:: DATASET ::
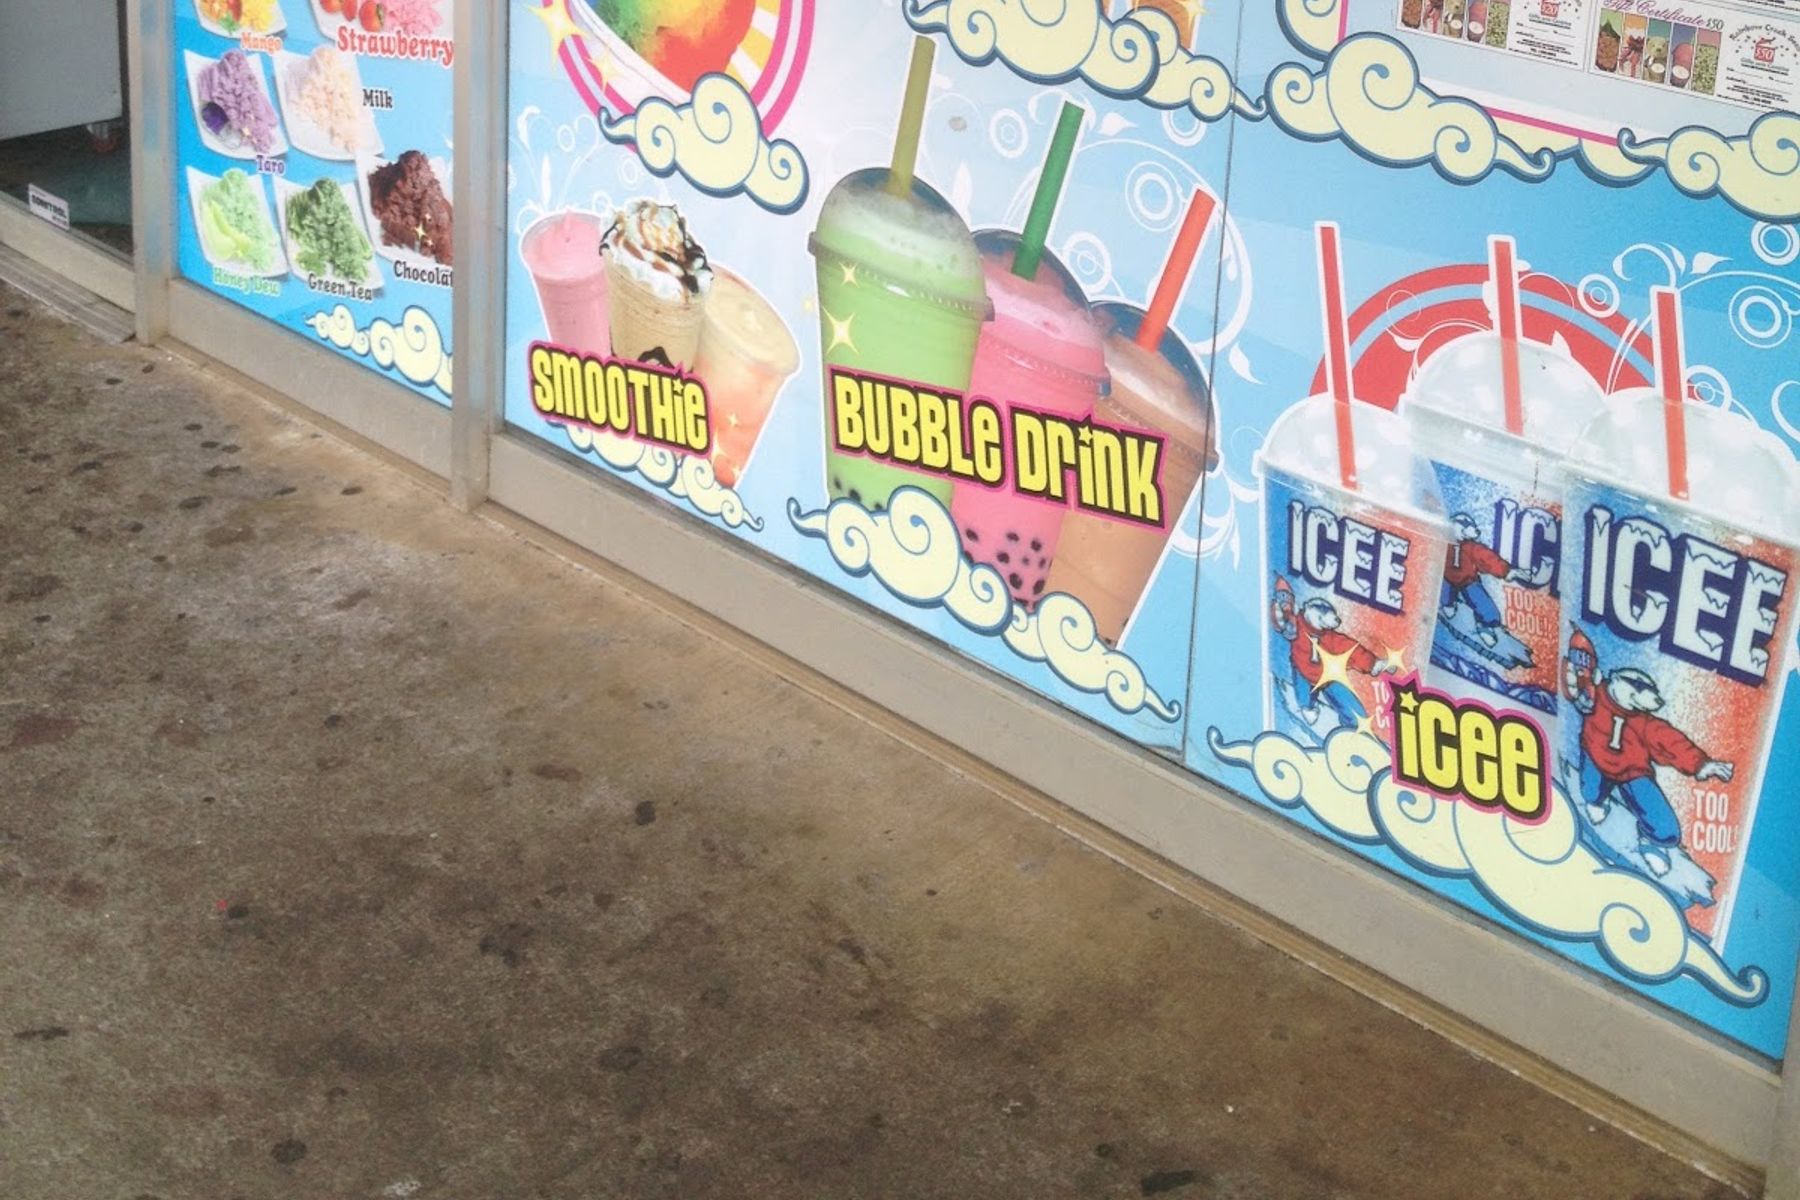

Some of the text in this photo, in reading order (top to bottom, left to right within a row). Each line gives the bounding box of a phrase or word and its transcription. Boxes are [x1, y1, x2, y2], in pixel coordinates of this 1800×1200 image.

[241, 32, 282, 52] Mango
[337, 25, 455, 66] Strawberry
[362, 88, 393, 108] Milk
[256, 154, 285, 173] Taro
[308, 273, 373, 300] Green Tea
[1289, 500, 1411, 615] ICEE
[1504, 586, 1534, 611] TOO
[1583, 504, 1789, 684] ICEE
[1692, 788, 1729, 822] TOO
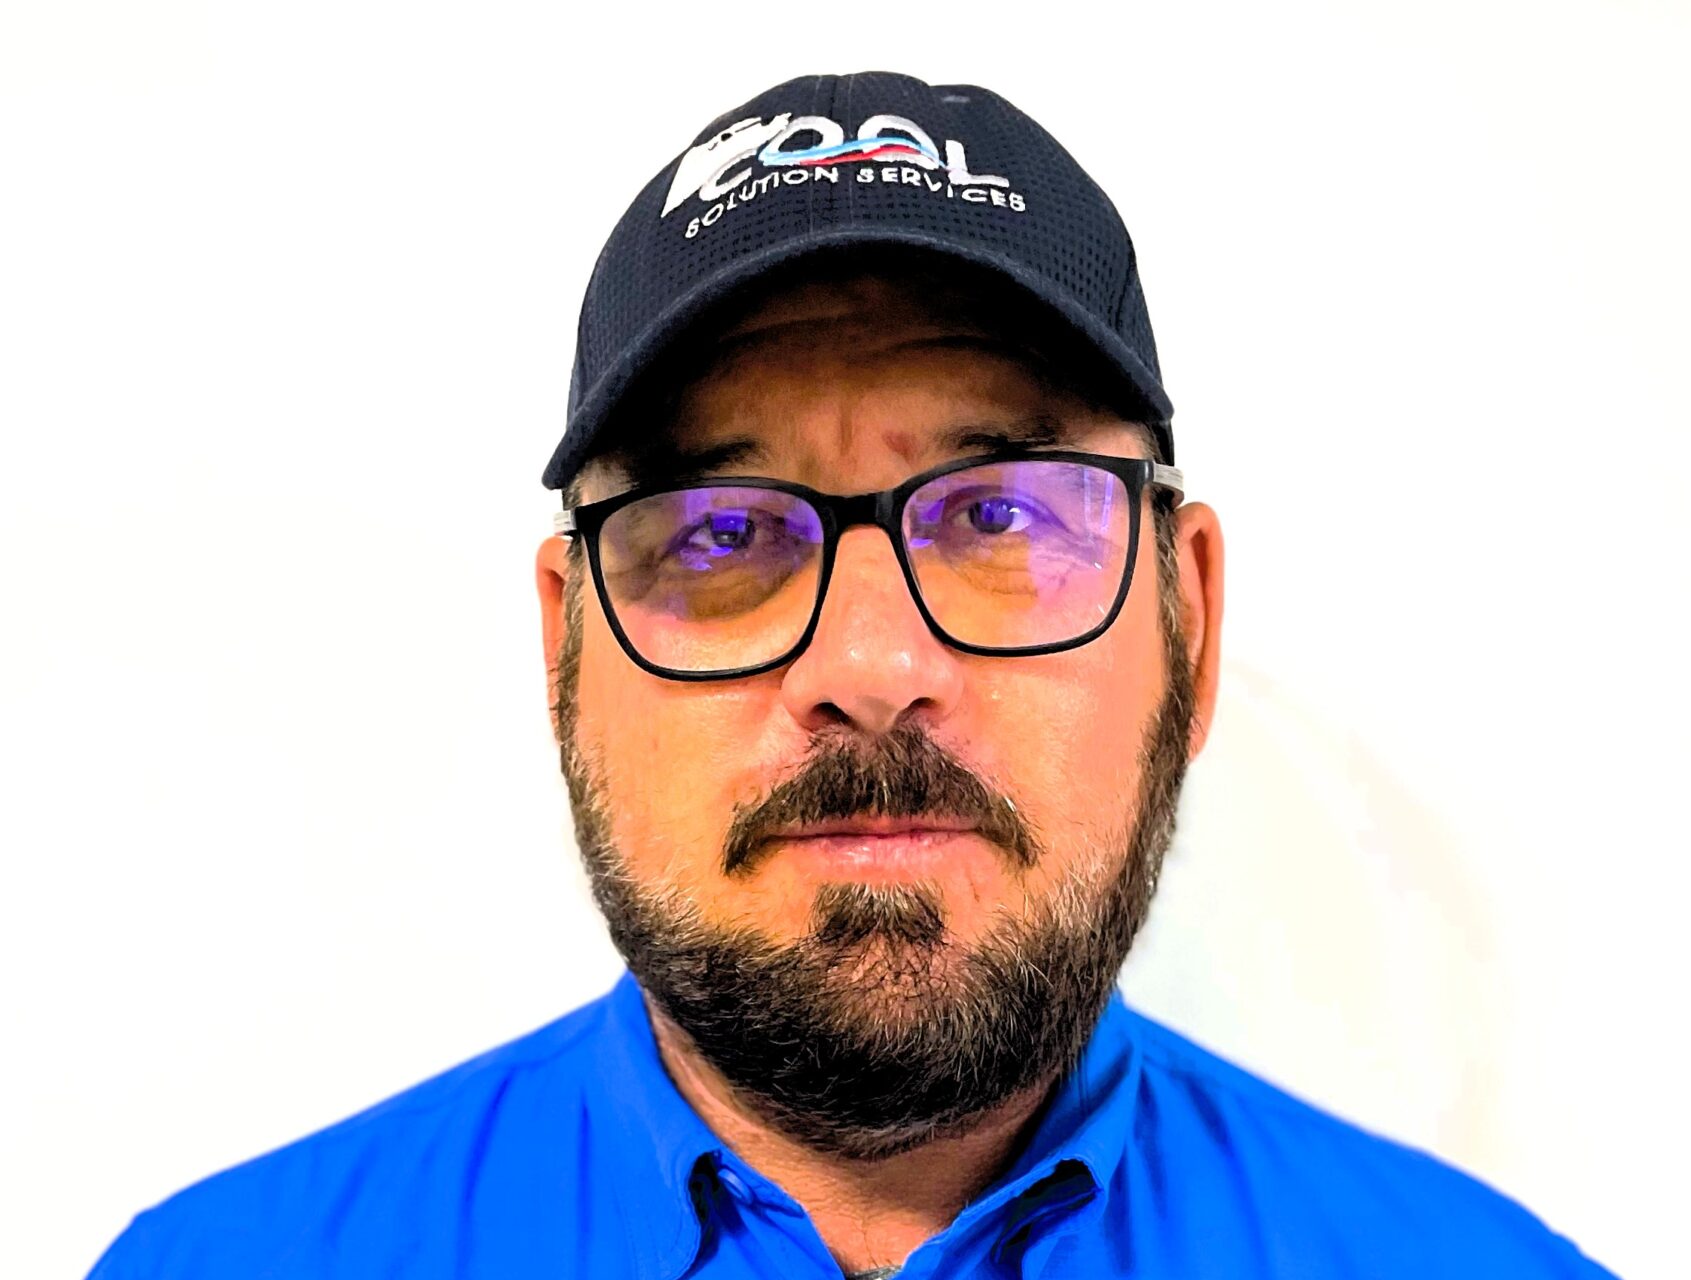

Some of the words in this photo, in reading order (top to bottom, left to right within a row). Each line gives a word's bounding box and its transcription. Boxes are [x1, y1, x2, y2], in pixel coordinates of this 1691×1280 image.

[699, 114, 1010, 201] COOL
[685, 166, 838, 238] SOLUTION
[856, 167, 1026, 212] SERVICES
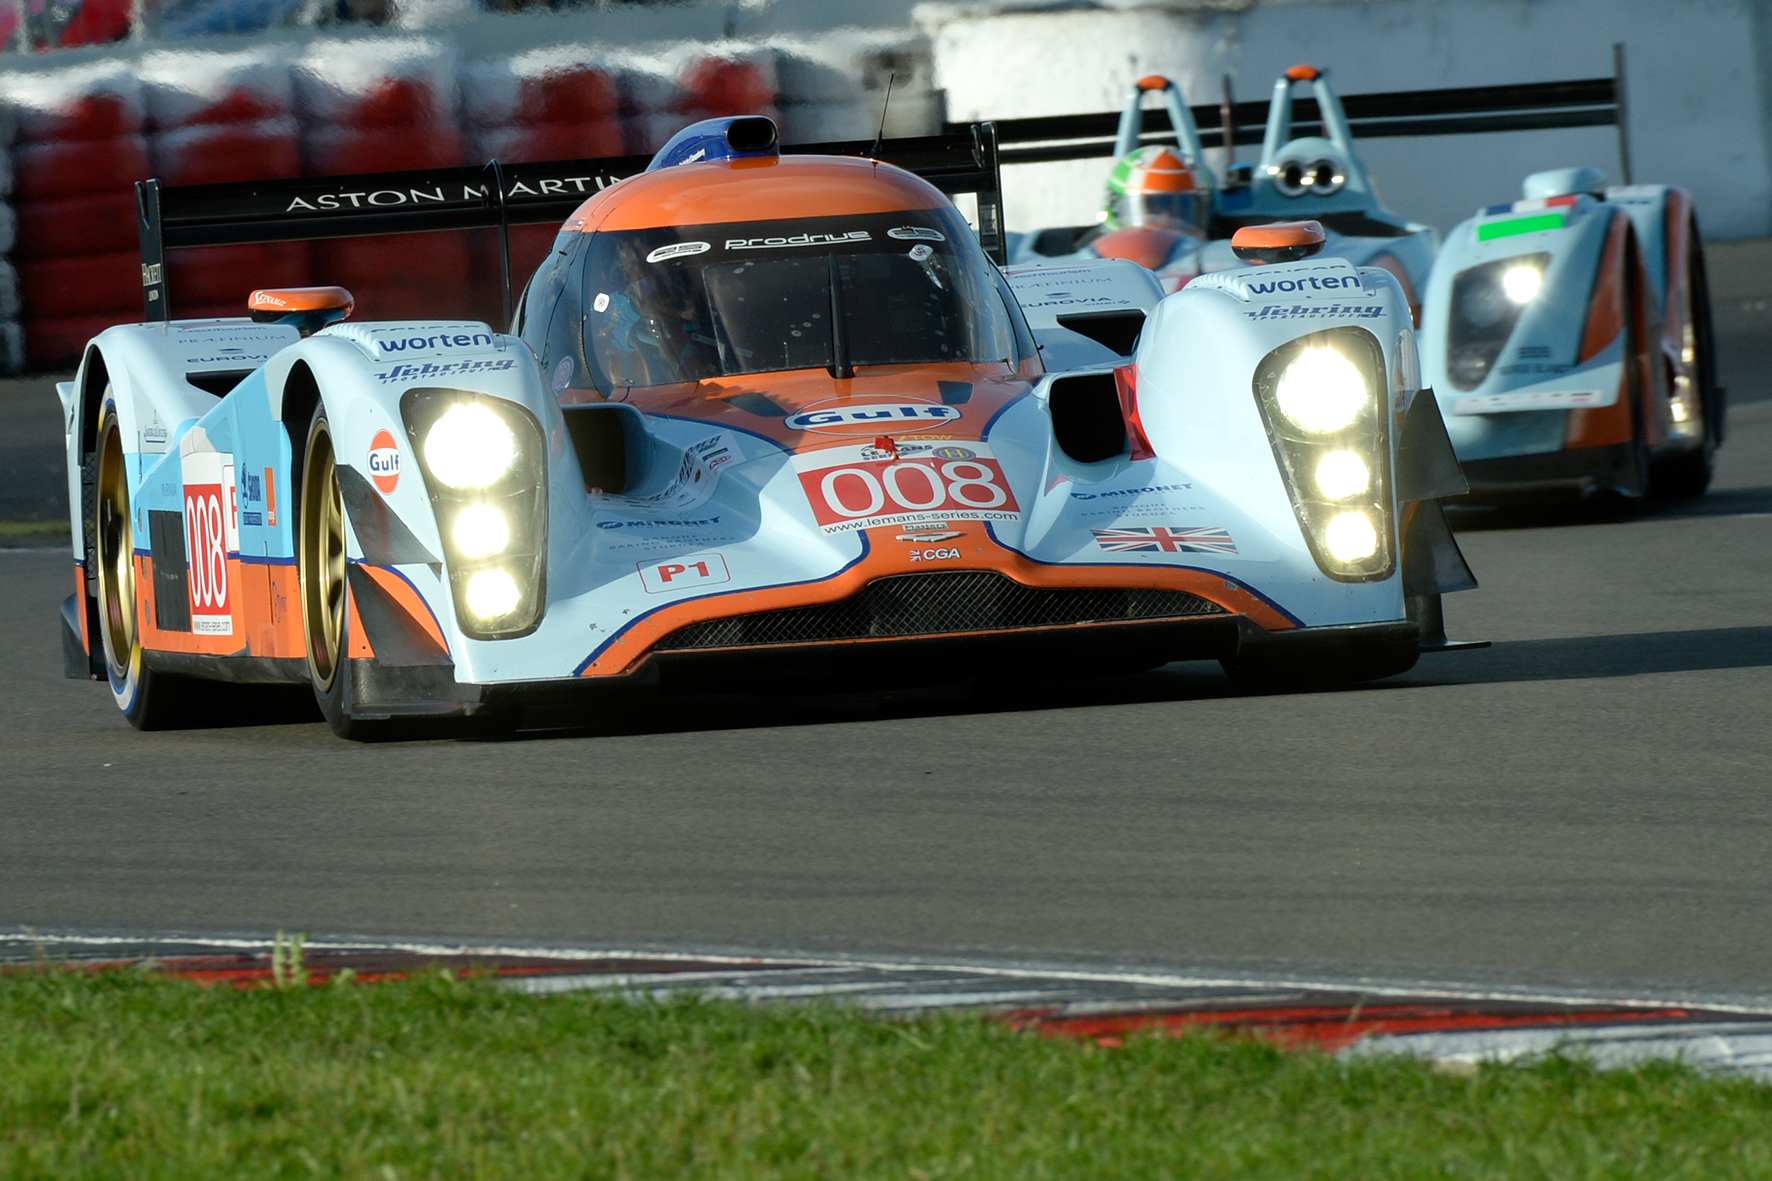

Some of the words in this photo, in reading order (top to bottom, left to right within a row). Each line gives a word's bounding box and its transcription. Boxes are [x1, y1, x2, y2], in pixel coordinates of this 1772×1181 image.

[287, 187, 445, 212] ASTON
[1248, 276, 1361, 295] worten
[1243, 304, 1387, 319] Sebring
[379, 334, 492, 352] worten
[187, 355, 268, 363] EUROVI
[373, 360, 518, 380] Sebring
[793, 407, 951, 426] Gulf
[370, 453, 399, 471] Gulf
[821, 461, 1007, 517] 008
[1100, 483, 1192, 498] MIRONET
[824, 510, 1019, 535] www.lemans-series.com
[186, 494, 227, 608] 008
[923, 547, 961, 561] CGA
[658, 561, 710, 583] P1
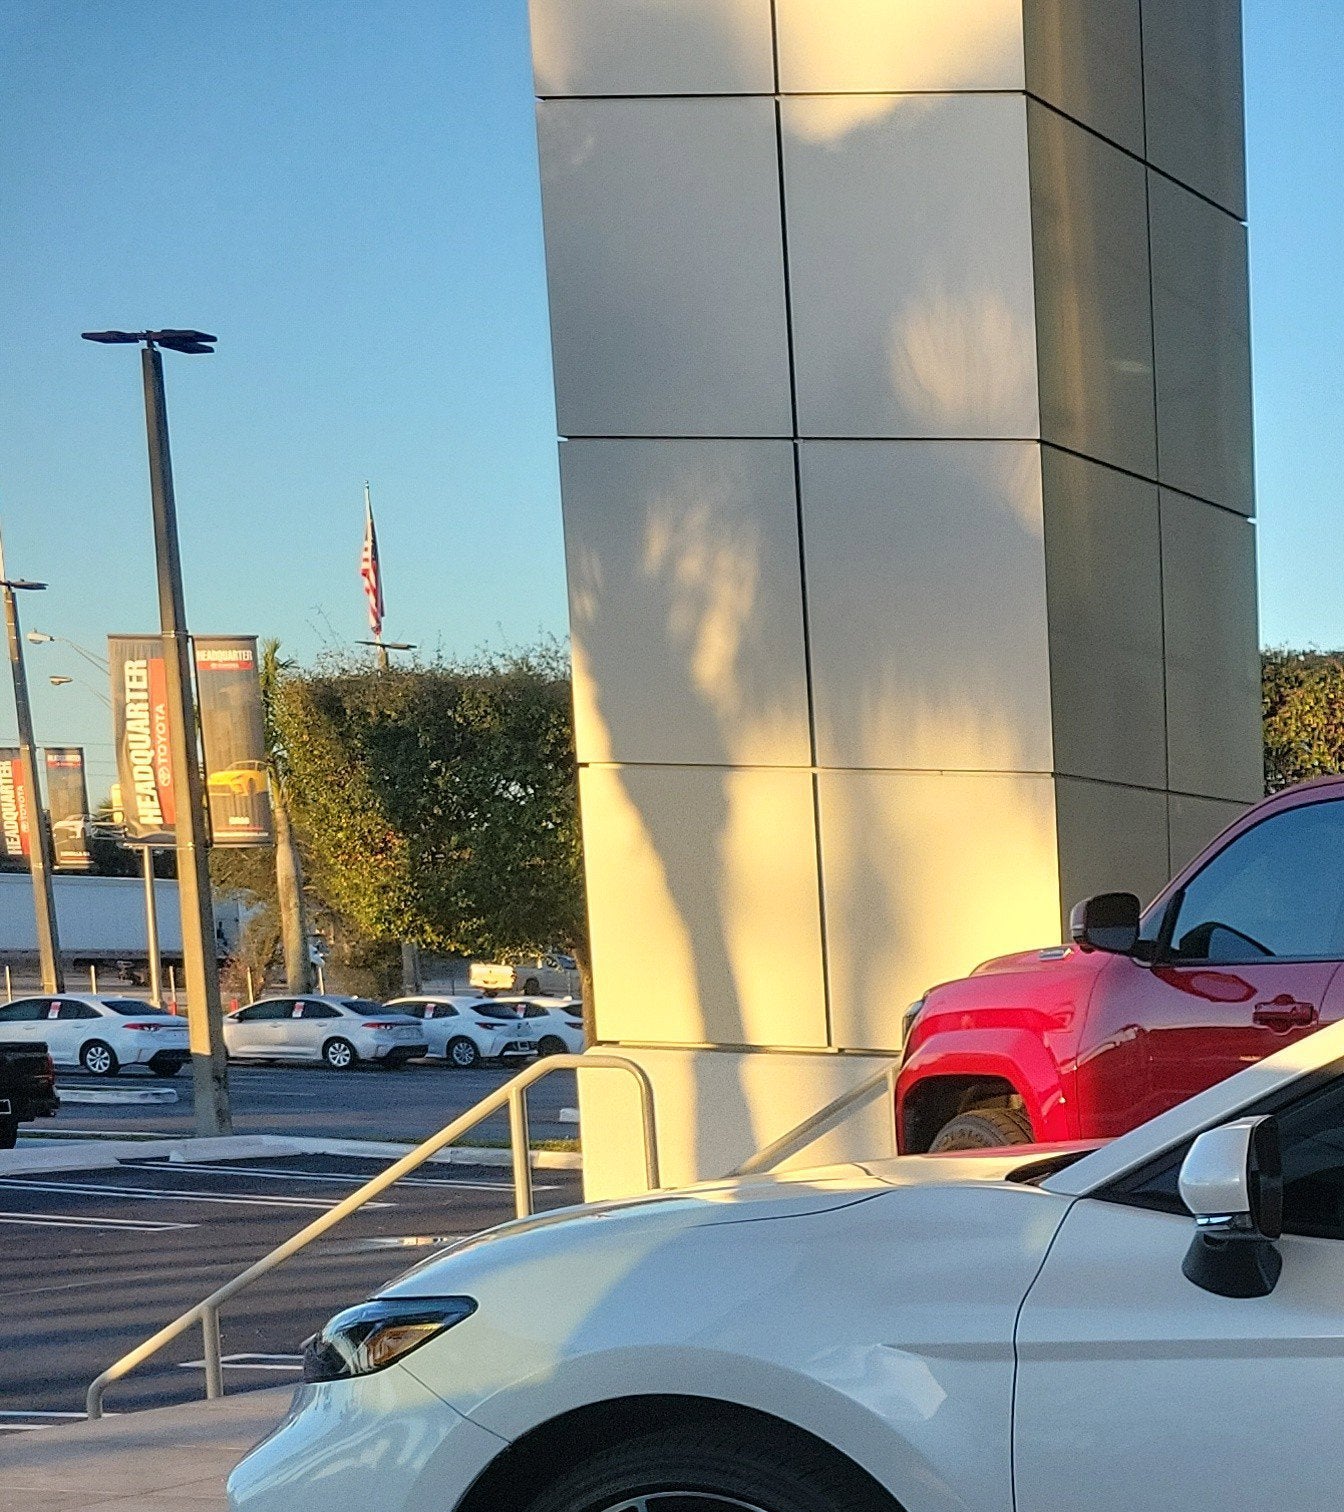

:: WHAT NEEDS TO BE DONE ::
Leave out the pictures and repeat exactly the lines from the one containing "this 1691×1280 image." through the last line of the entries.

:: REPLY ::
Some of the words in this photo, in reading order (top to bottom, left to right within a row). Each line gives a word's bounding box and its transcription. Boxes are [x1, y1, x2, y2], in pixel coordinates of this 1691×1280 image.

[699, 114, 1010, 201] COOL
[685, 166, 838, 238] SOLUTION
[856, 167, 1026, 212] SERVICES

Some of the words in this photo, in reading order (top to bottom, left to right within a row). Each line gives a word's bounding box and its transcription. Boxes are [x1, y1, x2, y2], in pixel coordinates of this 1772×1181 image.

[287, 187, 445, 212] ASTON
[1248, 276, 1361, 295] worten
[1243, 304, 1387, 319] Sebring
[379, 334, 492, 352] worten
[187, 355, 268, 363] EUROVI
[373, 360, 518, 380] Sebring
[793, 407, 951, 426] Gulf
[370, 453, 399, 471] Gulf
[821, 461, 1007, 517] 008
[1100, 483, 1192, 498] MIRONET
[824, 510, 1019, 535] www.lemans-series.com
[186, 494, 227, 608] 008
[923, 547, 961, 561] CGA
[658, 561, 710, 583] P1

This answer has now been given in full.